The second ever post I made on this blog was about being lost. Now it is time to write another one, and in fact this may become the theme of more of my writing, because for a while now it has been a theme in my life.
I don't like the word 'lost' per se. Someone described me with the word random in June, and that captures something poignant. I have inherited this quality from my dad (who is essentially a stranger to me). For the short time I was forced to be in his life, I saw him go through numerous hobbies: golfing, fishing, sailboating, gardening, building a boat...and drop projects before he finished them, or quit exploring a skill long before he mastered it. This quality always annoyed me, in part because I want to trust that when someone says they are going to do something, they will. I like consistency.
This is all the more reason that I annoy myself for my own lack of follow through. When I did Girl Scouts for a few years, they had a book of badges. At the beginning of each category was a badge called a Dabbler. This was a way to gently explore the subject matter, and then later badges would go more in depth with subcategories. So there would be a nature dabbler, an art dabbler, etc. These interested me more than anything else in the whole book. I wanted to explore everything, to be the master of all subjects. I still do.
This translates into all aspects of my life. What ends up happening is I skim the surface of everything, and wind up with all this information from a variety of disciplines, academic and spiritual and...whatever else you can think of. I'm not an expert at any one field, but I see the connections in the world. In college, I studied religions, psychology, sustainability, and art. In my spiritual explorations, I've played with most of the well-known Eastern philosophies, New Age beliefs, and am mostly settled in a Reclaiming-style Paganism with a side of Quakerism. This all after leaving the more mainstream Christianity I was born into.
Sometimes I have encountered judgements, from within and without, that I am undisciplined, weak-willed, never getting good at anything, unable to commit. I've never stayed with a spiritual practice such as meditation, yoga, art therapy, or nature connections for more than a few consecutive months. I change. I lose interest and focus in the material. It stops being meaningful to me. Which makes absolute, total sense, because life is always changing and is an ever-unfolding process. But when I was dating a committed Buddhist meditator, I heard his voice echoing the thousands of books and articles I'd read, telling me I would never reach enlightenment this way. I'm ruled by my wild senses, unable to control them--the Hindu form of sin.
And rebelling against that line of thinking with Pagan justifications of being a free animal in harmony with Earth isn't totally satisfying either. There is something about being human that can be seriously enhanced by cultivated presence. Ultimately this presence is handy in life's daily activities, as Thich Nhat Hahn writes about. It is easier to practice, like all things, in a contained environment.
On the other hand, when it comes to transcending duality and being one with the cosmos, Bill Plotkin says in one of my all-time favorite books (Nature and the Human Soul) that those are naturally emerging qualities gained in elderhood, after living a full life of going through all the stages of being a maturing human. Most of those stages involve participation with life, rather than renunciation. The one other stage that comes closest to this, because it is a time of turning inward, is known as the Cocoon.

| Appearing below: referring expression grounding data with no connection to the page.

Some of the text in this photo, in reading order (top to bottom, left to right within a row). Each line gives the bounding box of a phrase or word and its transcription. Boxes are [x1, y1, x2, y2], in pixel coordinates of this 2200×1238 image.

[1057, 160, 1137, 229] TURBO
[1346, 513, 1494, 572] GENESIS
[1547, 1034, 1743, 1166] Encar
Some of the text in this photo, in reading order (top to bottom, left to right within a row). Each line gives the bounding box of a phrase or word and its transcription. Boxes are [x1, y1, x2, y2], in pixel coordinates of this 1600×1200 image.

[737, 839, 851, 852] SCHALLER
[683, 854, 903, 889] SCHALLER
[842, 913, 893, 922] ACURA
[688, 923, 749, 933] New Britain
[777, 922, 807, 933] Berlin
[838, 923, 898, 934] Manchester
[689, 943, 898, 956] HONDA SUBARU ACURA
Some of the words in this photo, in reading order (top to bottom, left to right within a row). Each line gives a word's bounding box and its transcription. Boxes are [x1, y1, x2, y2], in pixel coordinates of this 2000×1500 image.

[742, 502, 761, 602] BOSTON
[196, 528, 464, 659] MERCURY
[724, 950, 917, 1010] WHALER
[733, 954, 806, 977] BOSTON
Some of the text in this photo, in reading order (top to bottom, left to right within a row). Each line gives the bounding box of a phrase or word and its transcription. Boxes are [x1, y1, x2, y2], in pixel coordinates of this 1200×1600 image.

The characteristics of the Cocoon describe my life starting in my mid-teens, and increasing as time went on. Because those characteristics have been a part of my life for so long, I am impatent to move on with life. The way Plotkin writes, he makes it sound like the survival of Earth is dependent on humans progressing through the stages of development, instead of stalling out at adolescence, as most of Western culture has done. The difference between the Cocoon and the next stage, the Wellspring, is that the first is about focusing on yourself and you own psychic depths, whlie the Wellspring is about giving your gifts to your community.
I thought I had progressed to the Wellspring as of a year ago. I thought I knew what I wanted to do to serve my community and make the most of this life. I had a vision, and I made some efforts to follow through with it. But that vision has since petered out, and at this moment, I again feel directionless.
So I ask myself, Do I need to turn inward again? Is it possible that I am more of a be-er than a do-er, that my purpose is filled by my existence, without taking on grandose projects? Is it OK to have moments of feeling unmotivated, even if they last days, and that doesn't mean I'm completely off-track? Does my random-ness have a pattern I cannot see for being so close to it? Does yours, other lost souls?
Over the summer, a friend was telling me about how she doesn't know which of her visions to follow--becoming a traveling artist, have a professional studio, start some sort of center or non-profit--and I passionately told her that although those are all beautiful ideas and I'm sure they would be great additions to the world, that her value as a person is not defined by what she produces. That is the big fat lie capitalism has told us. Our value is defined by who we are. This advice is much harder to believe for myself than it was when telling it to someone else.
It is such a blessing to have the spaciousness to contemplate these big life questions. I am incredibly privileged to live in a place where there is so much abundance that I can live simply off the excess and mostly not worry about basic survival. These circumstances are what allow me to be so tormented, and yet so blessed.